Há um ano, a empresa recorreu à Justiça após
vir à tona uma fraude contábil que resultou em R$ 42,5 bilhões em dívidas.
Entre quem tem dinheiro a receber da empresa
há 36 bancos e instituições financeiras, que juntos concentram 83,4% do total
do crédito. No entanto, 3.607 micro e pequenas empresas constam da lista de
credores, além de mais de 5.000 médias e grandes empresas.
A Folha extraiu esses dados da lista de
credores do plano de recuperação judicial, divulgado em junho. Depois, cruzou-a
com o CNPJ (Cadastro Nacional da Pessoa Jurídica) da Receita Federal, que
menciona a atividade econômica exercida pela empresa.

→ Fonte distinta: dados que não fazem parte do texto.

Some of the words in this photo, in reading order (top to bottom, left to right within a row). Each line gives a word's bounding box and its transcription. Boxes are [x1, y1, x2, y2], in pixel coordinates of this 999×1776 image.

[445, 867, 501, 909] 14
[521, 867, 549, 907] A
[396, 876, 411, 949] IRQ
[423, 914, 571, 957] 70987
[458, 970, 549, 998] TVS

"Edição de livros", por exemplo, é
uma atividade econômica listada na seção "informação e comunicação".
"Fabricação de vinho" fica na categoria maior "indústria de
transformação", e "serviços advocatícios", em "atividades
profissionais, científicas e técnicas".
Na lista de credores, há desde fornecedores
de doces (indústria alimentícia), passando por farmácias de manipulação e
transportadoras de todos os portes e até dois dentistas.

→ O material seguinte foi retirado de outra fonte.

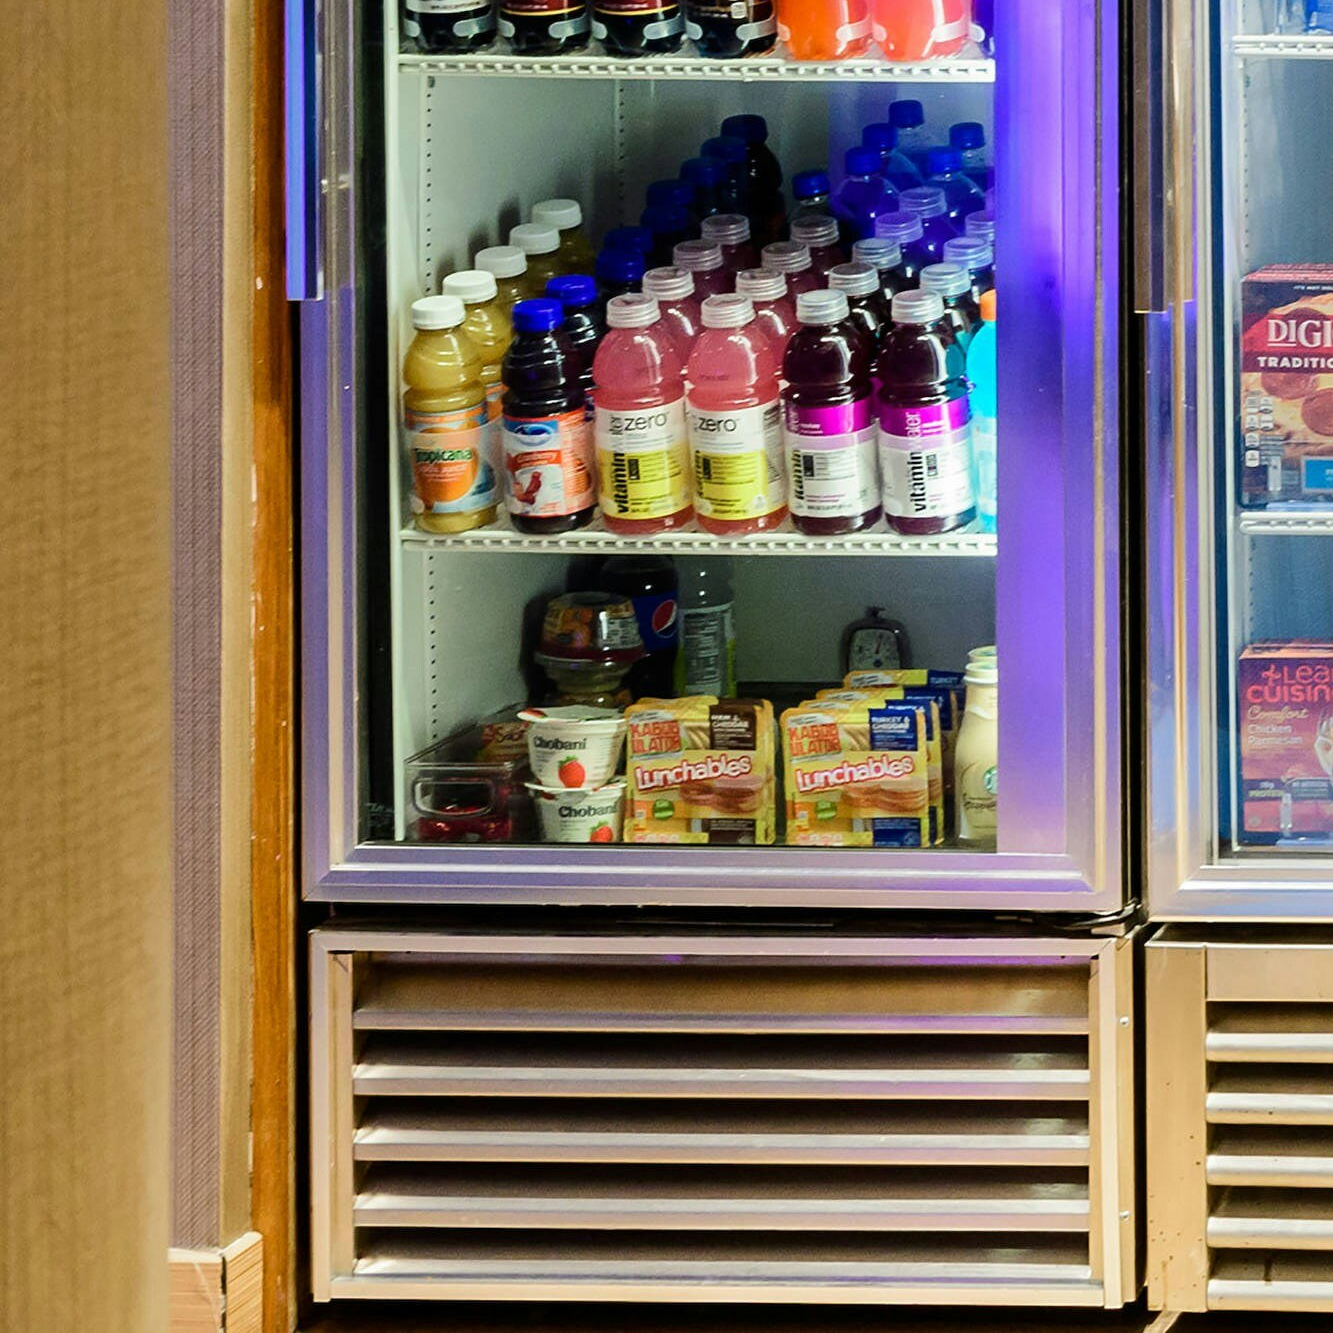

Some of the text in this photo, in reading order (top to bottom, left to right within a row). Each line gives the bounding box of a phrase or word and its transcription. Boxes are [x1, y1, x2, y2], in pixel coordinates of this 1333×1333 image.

[625, 414, 667, 432] zero
[698, 417, 736, 433] zero
[415, 449, 473, 463] Tropicana
[1248, 724, 1292, 734] Chicken
[533, 735, 587, 751] Chobani
[635, 755, 751, 791] Lunchables
[796, 755, 914, 793] Lunchables
[558, 804, 617, 819] Chobani

O critério para validação da assembleia que
aprovou o plano de recuperação judicial da Americanas, entretanto,
desconsiderava essa diversidade. Requeria que os credores participantes
deveriam representar 50,01% da dívida. Participaram da assembleia de dezembro
2.041, das quais 1.860 aprovaram o plano.
A principal frente de negociação aberta pela
Americanas foi com as instituições financeiras. Ainda no fim de novembro, a
empresa anunciou que havia fechado acordo com Bradesco, BTG Pactual, Itaú e
Santander, que detêm 35% da dívida.
Os credores que tinham a opção de comprar
parte das ações a um preço predefinido (stock option) ainda receberam uma
sinalização da Americanas: R$ 12 bilhões em ações.
As mais de 3.600 pequenas e micro, por sua
vez, ficam em um grupo próprio de credores e recebem tratamento favorecido,
desde reforma na Lei de Recuperação Judicial de 2014.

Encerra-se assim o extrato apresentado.